You display great almost messianic confidence in machine learning kabbes, I have seen you state this before, yet there are others on this same thread saying that autonomous vehicles will initially be restricted to safe predictable roads and not operate outside those zones. Why do you think this view is there?

For me, that is an initial step - one we are seeing in arizona/new mexico. It makes sense - you can remove a variable and get the things working in good weather and develop onwards from there to cope with more weather conditions. The step is part of the machine learning that needs to be done. It's not a lack of confidence in machine learning that makes me say there will be initial stages on easy roads (whether that is easy because of the weather, or motorways because of the simplicity, or small fixed routes/areas in towns/cities which have been heavily mapped and are clear of any known situations auto cars have trouble with), but because this provides a space for machines to learn basics before moving on to more complicated situations.
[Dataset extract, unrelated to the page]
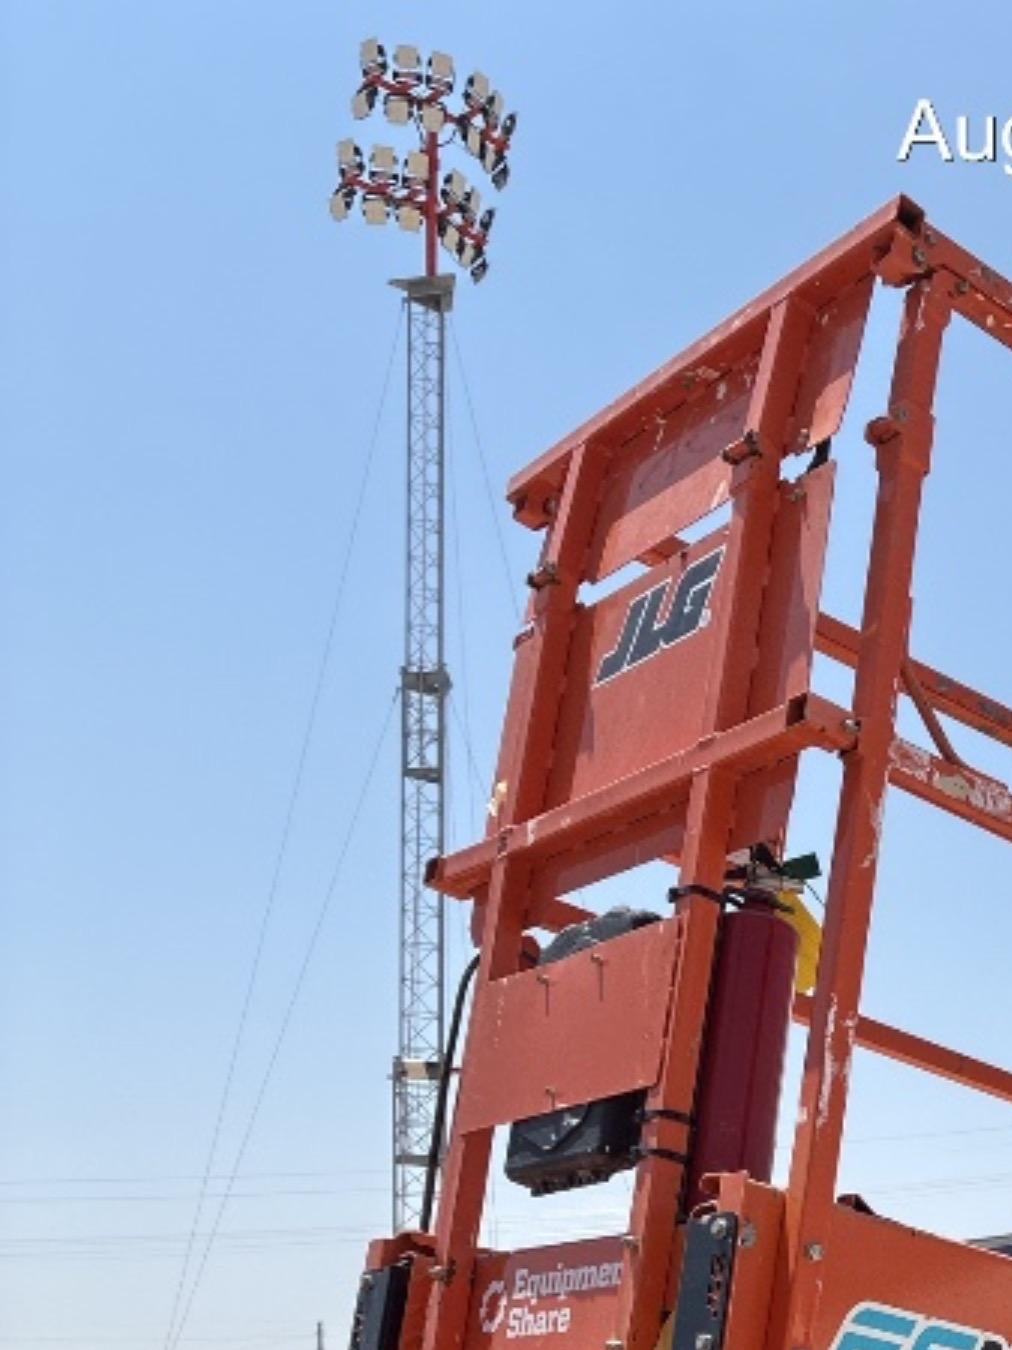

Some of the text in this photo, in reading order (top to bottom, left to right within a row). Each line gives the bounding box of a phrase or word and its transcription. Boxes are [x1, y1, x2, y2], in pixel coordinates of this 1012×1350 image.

[591, 544, 727, 691] JLG
[511, 1261, 625, 1306] Equipmen
[506, 1306, 571, 1339] Share
Kind of like how we do it.
 
My point is: why are we tackling the automation of cars with their very complex environments, before we tackle trains, which are arguably in a much more controlled environment, no steering for example?
Because the vast majority of people traveling in trains don't drive them, and are quite happy to split the cost of paying someone else to do it.
 
Will autonomous cars be able to spot things like personal plates or Audi badges and know to give those cars a bit more space/caution in anticipation of bad driving/entitlement issues?